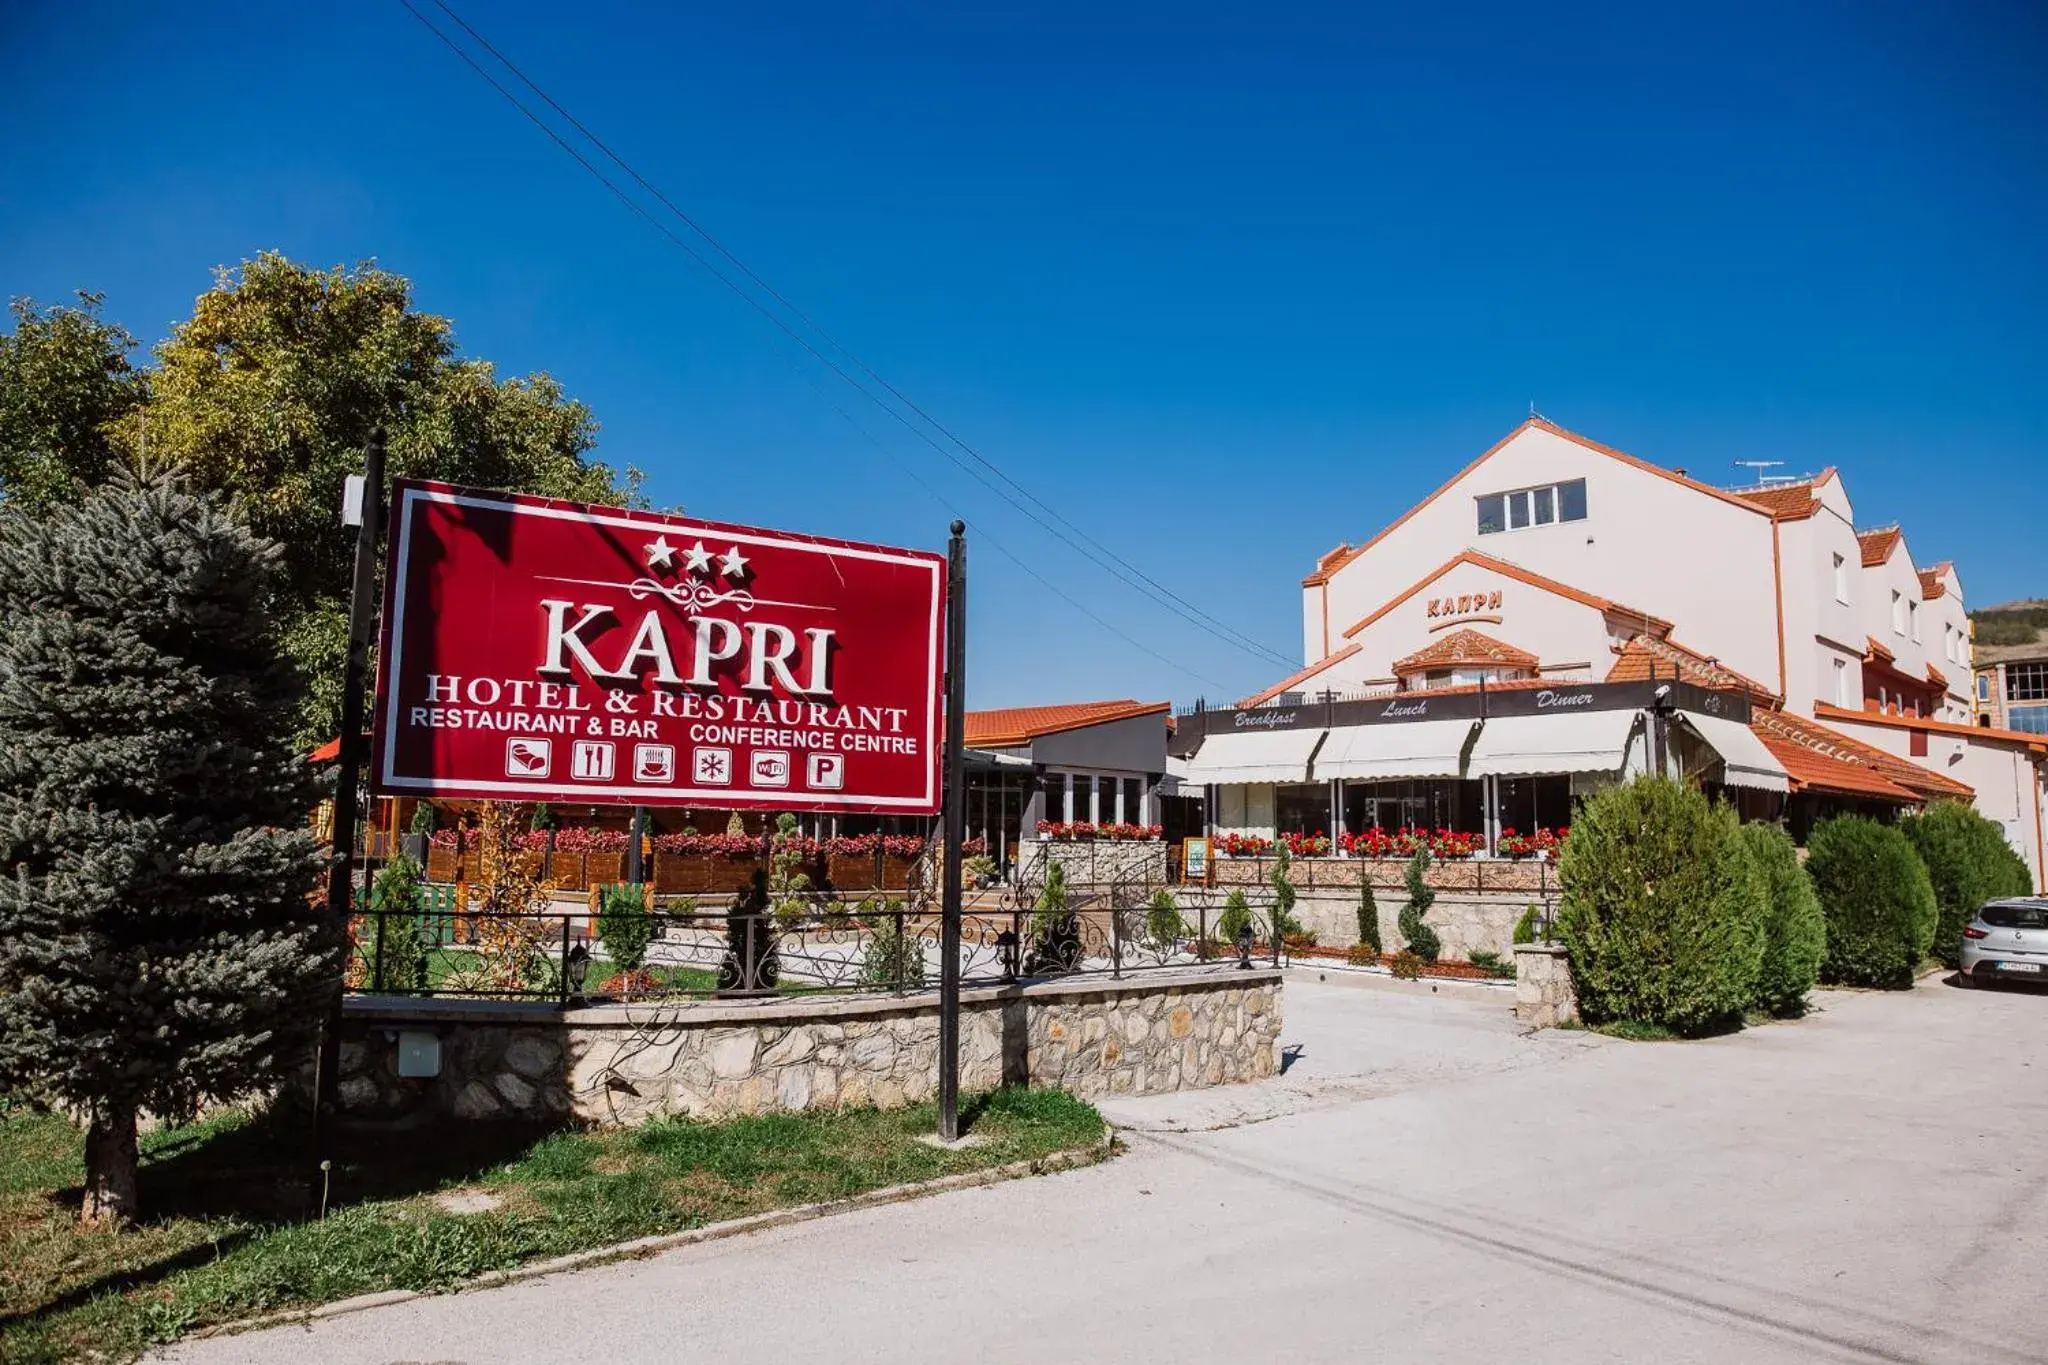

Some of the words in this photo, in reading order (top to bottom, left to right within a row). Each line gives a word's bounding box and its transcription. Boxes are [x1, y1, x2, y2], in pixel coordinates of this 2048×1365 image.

[536, 598, 836, 696] KAPRI
[425, 673, 591, 711] HOTEL
[604, 688, 639, 714] &
[651, 690, 908, 733] RESTAURANT
[1380, 700, 1427, 718] Lunch
[1536, 689, 1594, 708] Dinner
[410, 706, 581, 735] RESTAURANT
[586, 716, 604, 736] &
[610, 719, 660, 740] BAR
[1234, 710, 1297, 728] Breakfast
[689, 724, 836, 750] CONFERENCE
[840, 733, 918, 755] CENTRE
[815, 758, 836, 783] P

◆ ◆ ◆

• [ACTION ITEM] A faithful copy of all the data above, without its pictures, is the expected result.

• [EXERCISE SOLUTION]
Some of the words in this photo, in reading order (top to bottom, left to right within a row). Each line gives a word's bounding box and its transcription. Boxes are [x1, y1, x2, y2], in pixel coordinates of this 2048×1365 image.

[536, 598, 836, 696] KAPRI
[425, 673, 591, 711] HOTEL
[604, 688, 639, 714] &
[651, 690, 908, 733] RESTAURANT
[1380, 700, 1427, 718] Lunch
[1536, 689, 1594, 708] Dinner
[410, 706, 581, 735] RESTAURANT
[586, 716, 604, 736] &
[610, 719, 660, 740] BAR
[1234, 710, 1297, 728] Breakfast
[689, 724, 836, 750] CONFERENCE
[840, 733, 918, 755] CENTRE
[815, 758, 836, 783] P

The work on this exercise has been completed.